> WHAT NEEDS TO BE DONE
Repeat each record below exactly, omitting whatever pictures appear in it.

━━ RAW DATA

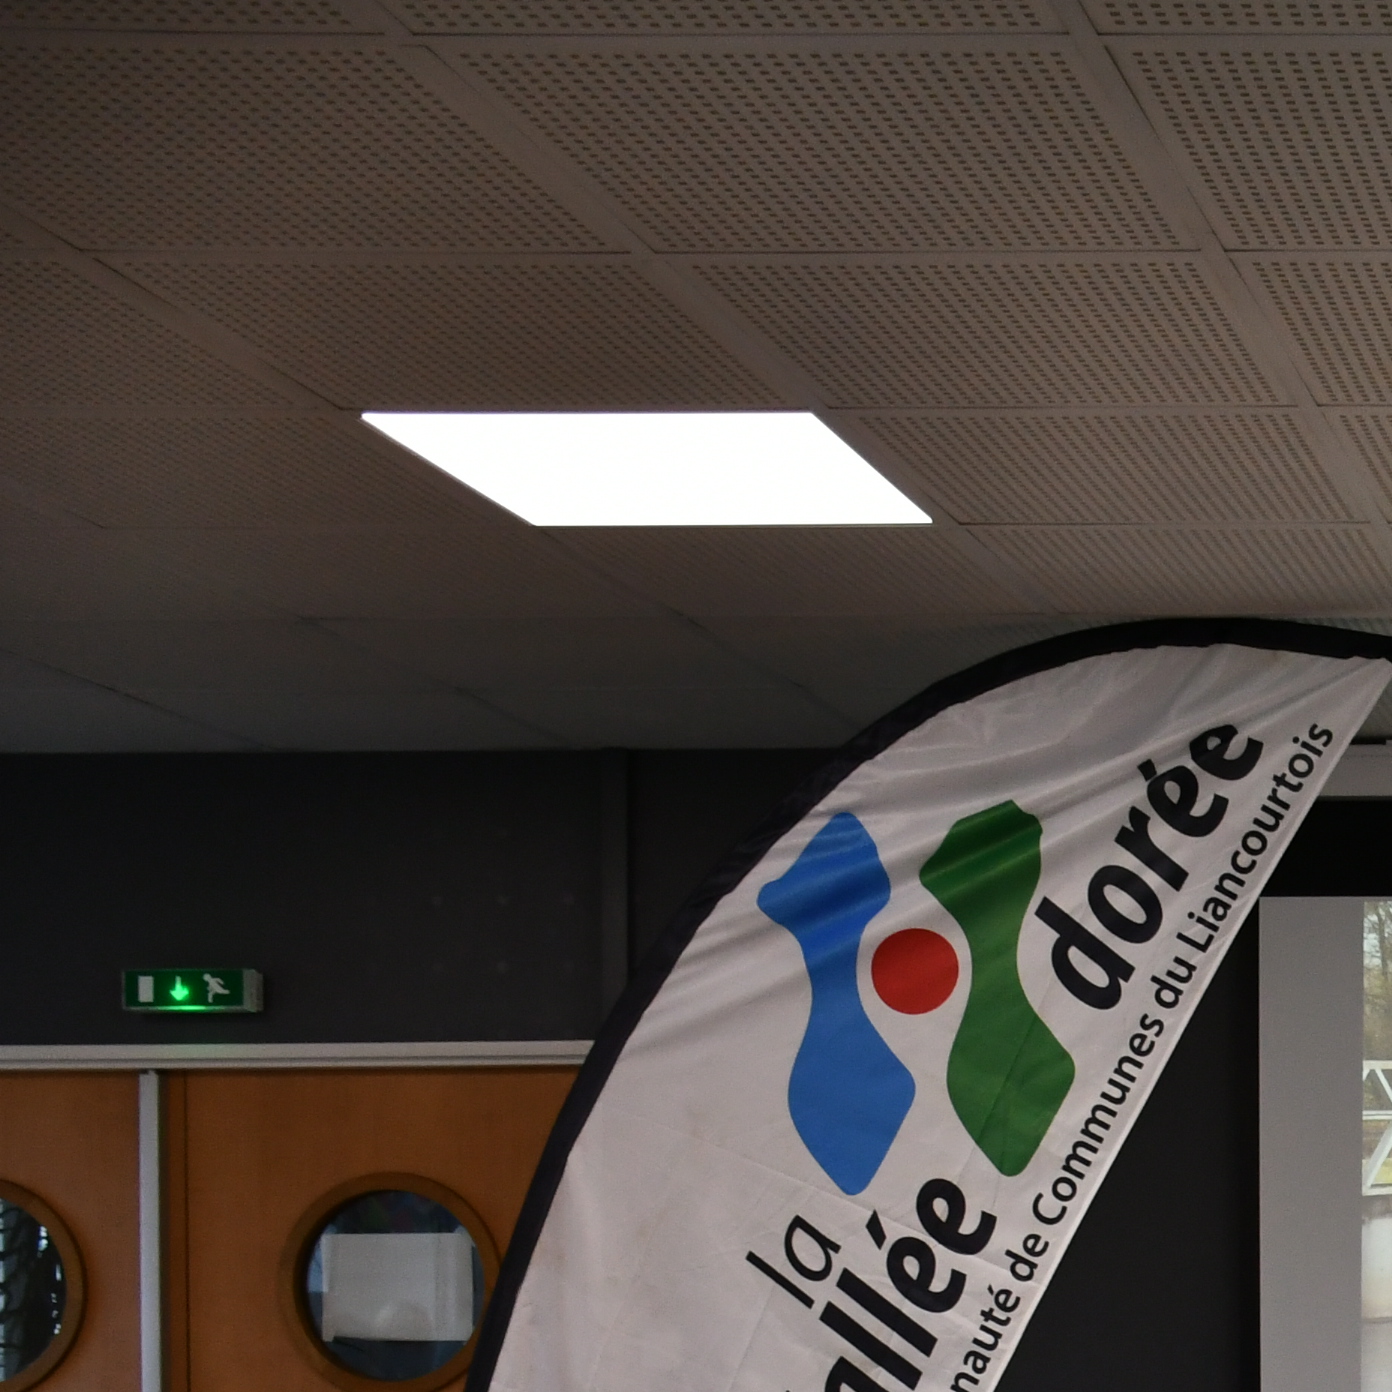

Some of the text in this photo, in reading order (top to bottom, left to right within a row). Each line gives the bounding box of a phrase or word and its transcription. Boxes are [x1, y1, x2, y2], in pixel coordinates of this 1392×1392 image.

[1004, 1233, 1049, 1282] de
[1032, 1013, 1165, 1225] Communes
[1150, 956, 1198, 1008] du
[1176, 723, 1334, 953] Liancourtois
[1034, 723, 1264, 1010] dorée
[745, 1214, 841, 1309] la
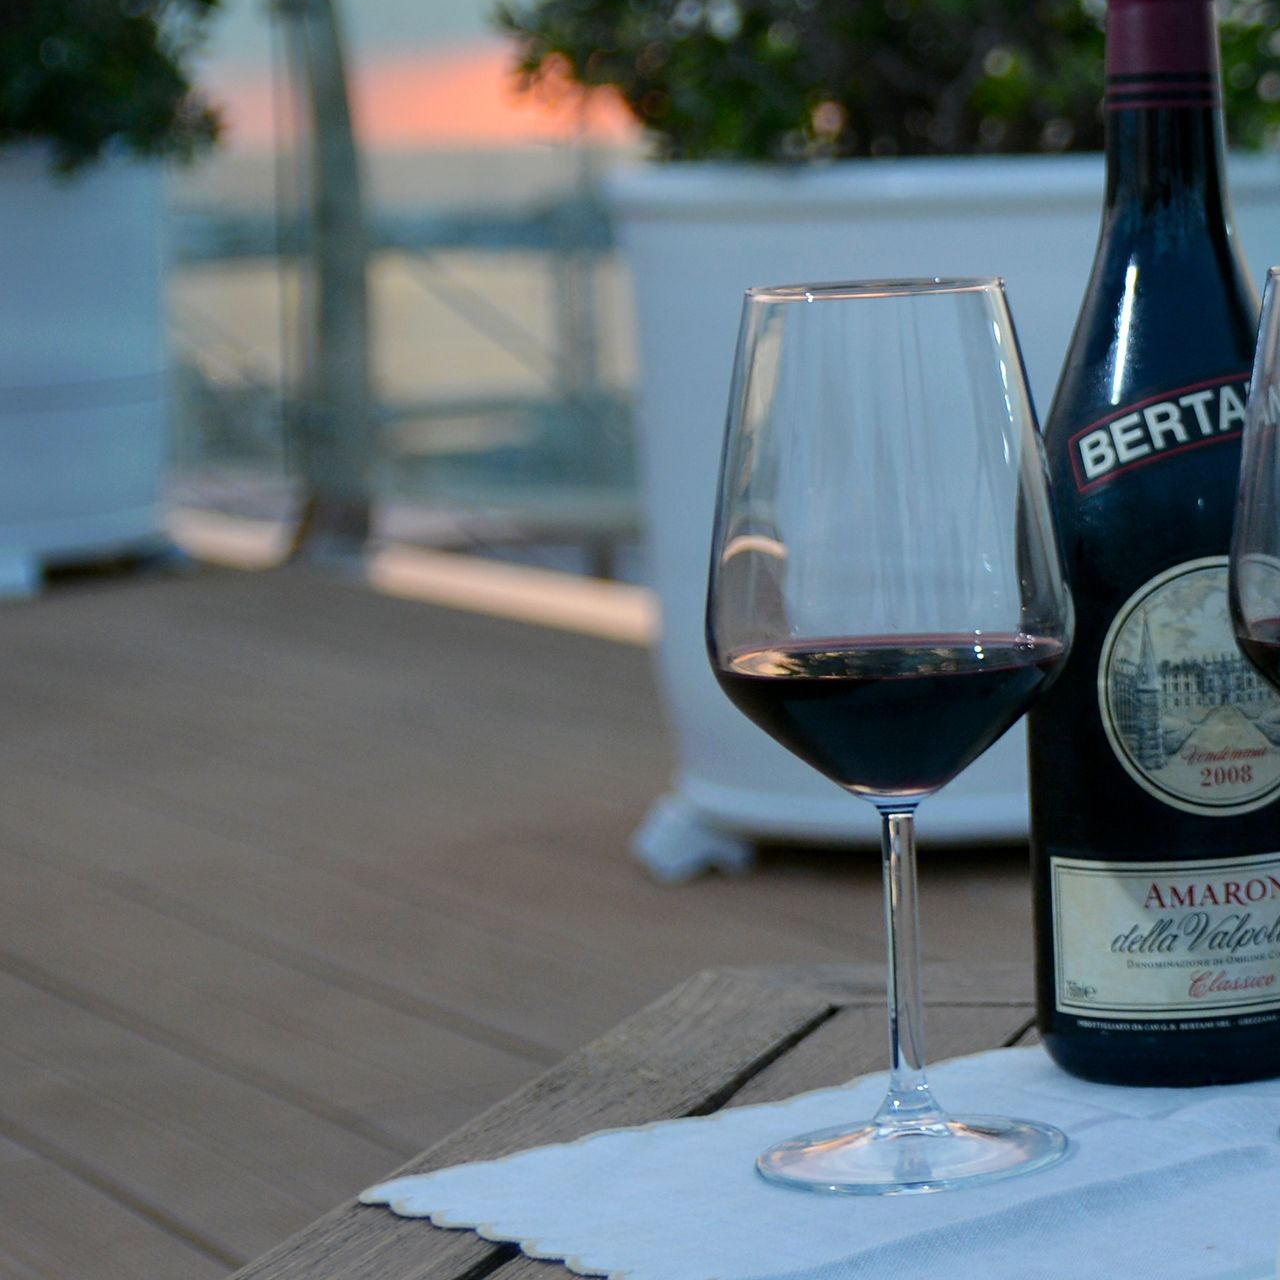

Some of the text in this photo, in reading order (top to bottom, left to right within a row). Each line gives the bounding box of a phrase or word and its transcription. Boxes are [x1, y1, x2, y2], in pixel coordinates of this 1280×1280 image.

━━━━

> WRITTEN ANSWER
Some of the text in this photo, in reading order (top to bottom, left to right within a row). Each line gives the bounding box of a phrase or word and its transcription. Boxes are [x1, y1, x2, y2], in pixel coordinates of this 1392×1392 image.

[1004, 1233, 1049, 1282] de
[1032, 1013, 1165, 1225] Communes
[1150, 956, 1198, 1008] du
[1176, 723, 1334, 953] Liancourtois
[1034, 723, 1264, 1010] dorée
[745, 1214, 841, 1309] la

Some of the text in this photo, in reading order (top to bottom, left to right within a row). Each line gives the bounding box of a phrase or word and its transcription. Boxes are [x1, y1, x2, y2], in pixel coordinates of this 1280×1280 image.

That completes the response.